◆ **WHAT IS REQUIRED**
Images within the entries are to be omitted; the remainder must be reproduced exactly.

Records contained in a dataset
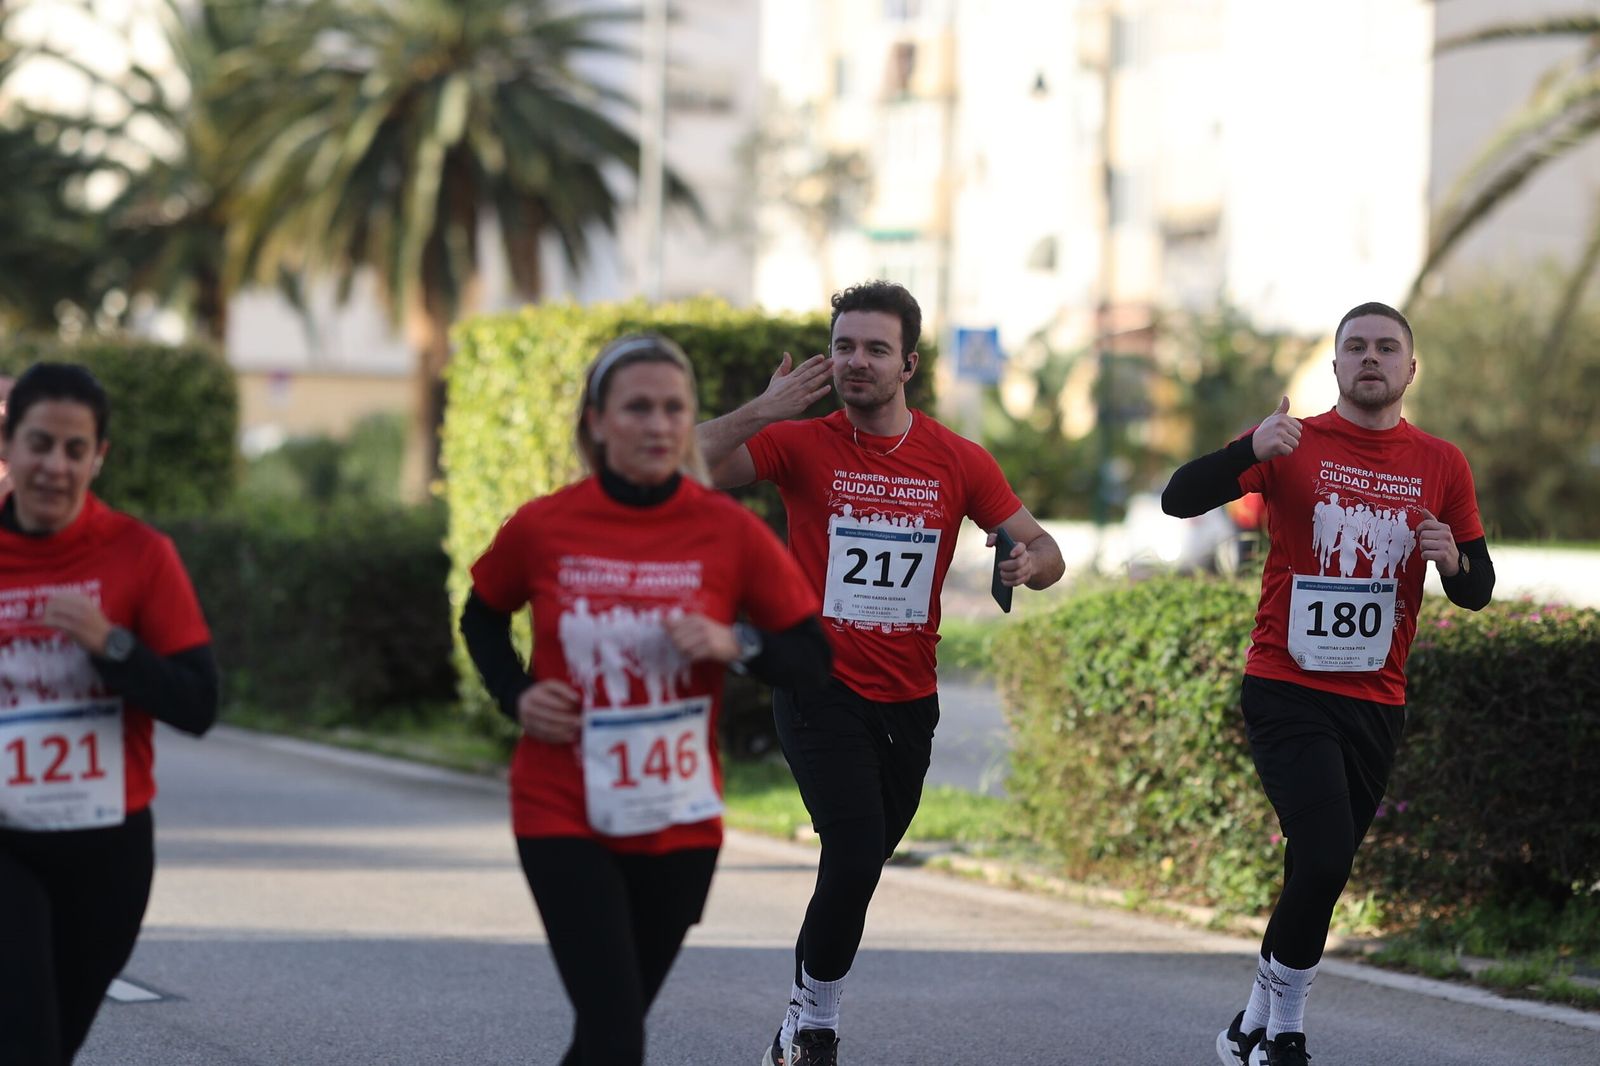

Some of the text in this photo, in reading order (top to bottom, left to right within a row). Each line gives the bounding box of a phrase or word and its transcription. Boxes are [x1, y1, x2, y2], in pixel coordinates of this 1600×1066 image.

[834, 469, 939, 488] VIII CARRERA URBANA DE
[1320, 460, 1422, 485] VIII CARRERA URBANA DE
[1320, 469, 1421, 497] CIUDAD JARDÍN
[1325, 481, 1342, 490] Colegio
[832, 479, 938, 501] CIUDAD JARDÍN
[843, 547, 923, 588] 217
[1306, 601, 1382, 638] 180
[5, 730, 108, 787] 121
[608, 731, 699, 789] 146

◆ **YOUR RESPONSE**
Some of the text in this photo, in reading order (top to bottom, left to right within a row). Each line gives the bounding box of a phrase or word and its transcription. Boxes are [x1, y1, x2, y2], in pixel coordinates of this 1600×1066 image.

[834, 469, 939, 488] VIII CARRERA URBANA DE
[1320, 460, 1422, 485] VIII CARRERA URBANA DE
[1320, 469, 1421, 497] CIUDAD JARDÍN
[1325, 481, 1342, 490] Colegio
[832, 479, 938, 501] CIUDAD JARDÍN
[843, 547, 923, 588] 217
[1306, 601, 1382, 638] 180
[5, 730, 108, 787] 121
[608, 731, 699, 789] 146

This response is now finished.